ANCHORAGE, Alaska (AP) - A wildfire near a village of about 60 residents almost tripled in size Monday as warm, dry weather gave new life to it and dozens of other fires in Alaska's Interior.
Conditions were drying out, heating up and taking a turn for the worse following several days of rain, officials said.
"The humidity has dropped. The temperature is up, the wind has picked up. Our respite is over," said Gil Knight, of the Alaska Interagency Coordination Center.
The 17,000-acre fire was burning about a mile from the village of Bettles. Fire officials said the blaze was a top priority Monday - one of the 71 fires already burning statewide.
It was not known what caused the fire, which was 10 percent contained by Monday.
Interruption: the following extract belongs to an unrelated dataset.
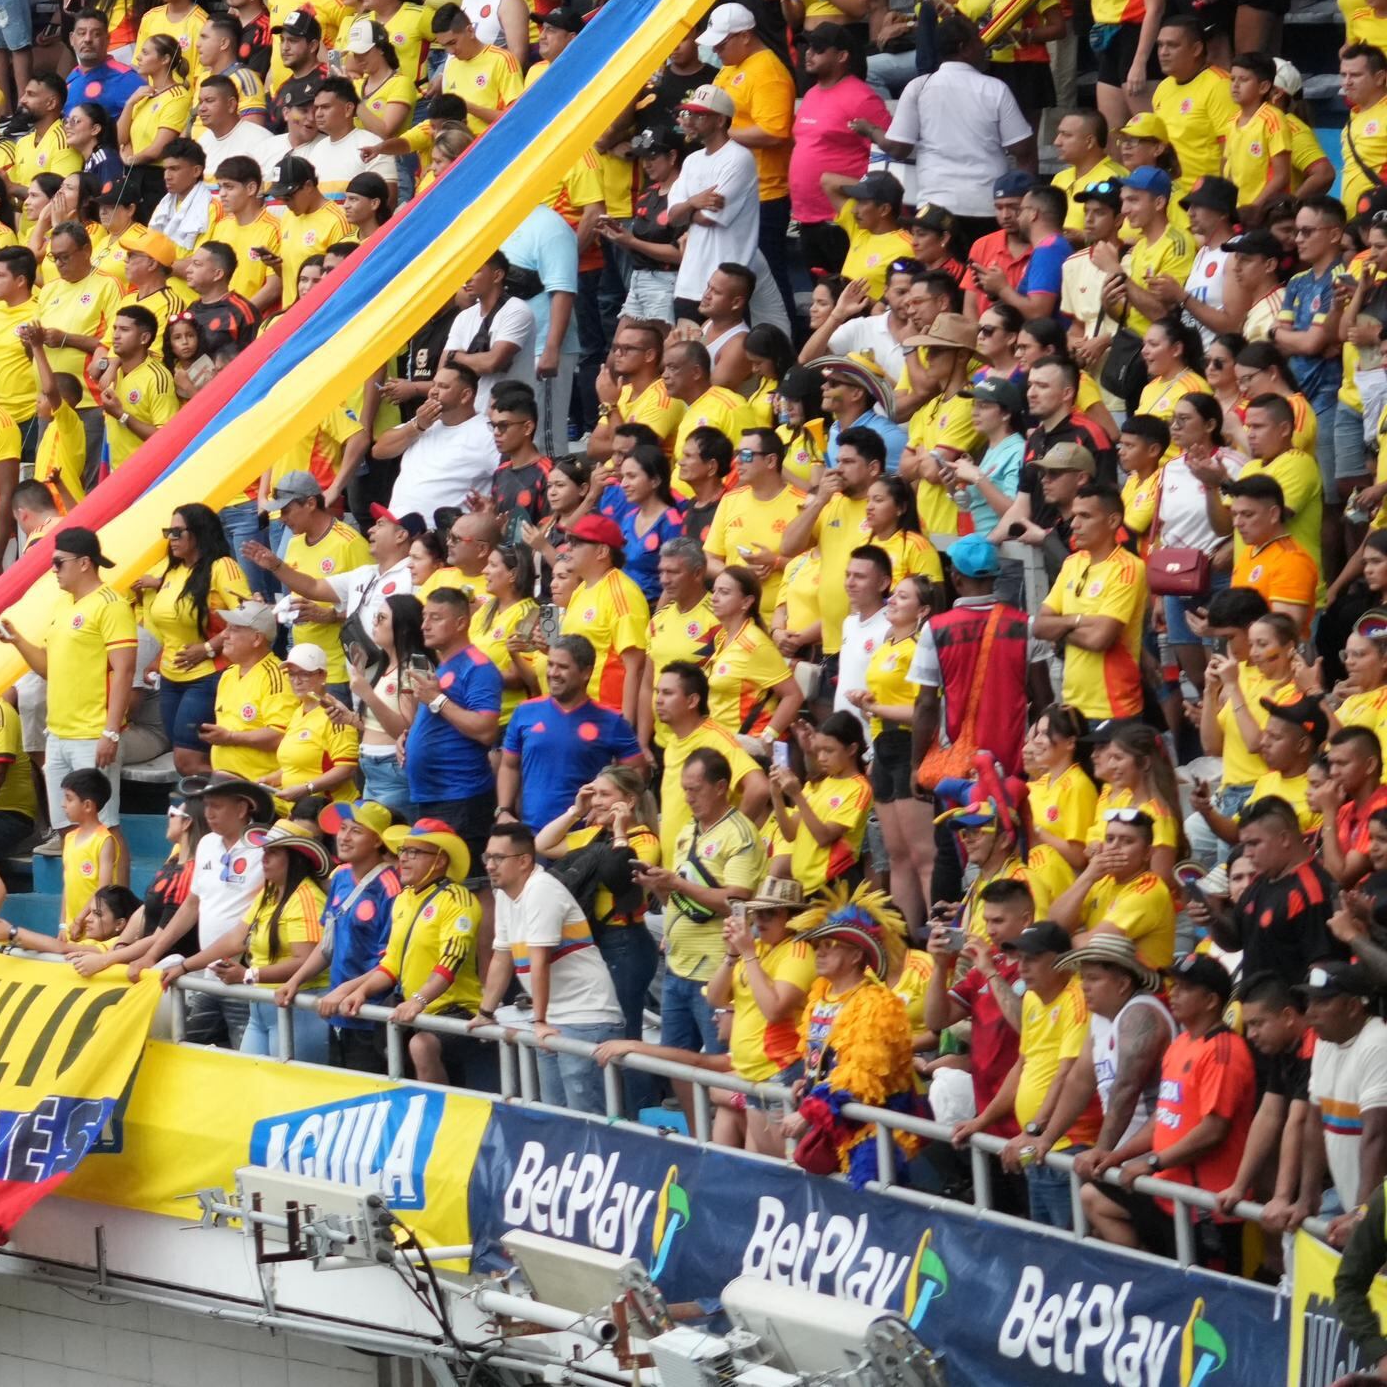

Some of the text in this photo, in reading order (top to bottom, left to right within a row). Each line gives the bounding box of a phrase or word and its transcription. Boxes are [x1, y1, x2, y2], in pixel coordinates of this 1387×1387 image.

[503, 1140, 657, 1261] BetPlay
[741, 1194, 917, 1311] BetPlay
[997, 1264, 1183, 1387] BetPlay
"Our first priority is to nail any new fires that should develop," Knight said.
When the fire started last week, crews built a firebreak to protect Bettles, located about 185 miles northwest of Fairbanks. The village, a tourist draw in the late summer, has about 60 year-round residents.
About 200 firefighters have set up between 20 and 30 tents around the village. Tourists for the most part were staying away, said Tyler Klaes, whose family owns the Bettles Lodge.
Firefighters conducted a burnout operation Saturday night, but the backburns jumped the main lines, and planes had to dump water on advancing flames.
"We watched it all happen," Klaes said. "If the wind was blowing the other way we all would have been toast."
Crews also were monitoring wildfires that have burned 338,600 acres north of Fairbanks. Fires have scorched more than 2.3 million acres in Alaska so far.
Meanwhile, in California, firefighters battled a wildfire near Palm Springs. The fire at the edge of the San Bernardino National Forest scorched nearly 1,500 acres, but had destroyed no homes and it was 40 percent contained.
Also Monday, in southeastern Arizona, about 10 residents were allowed to tour charred areas of Mount Graham - escorted by U.S. Forest Service officials and sheriff's deputies. The group was to report their findings to the other homeowners.
Fire managers did not know when all of the families forced to flee Turkey Flat's 74 cabins and Columbine's 15 cabins would be allowed to return for good. The possibility of falling trees, flash floods in fire-damaged areas and traffic interfering with firefighting efforts was among the concerns.
Crews were able to protect the communities and the $200 million Mount Graham International Observatory from a pair of wildfires that eventually merged. The fires were 65 percent contained and had burned 29,200 acres by Sunday night.
In Colorado, fire officials said a stubborn 300-acre mountainside blaze in eastern Delta County was expected to be fully contained by Wednesday.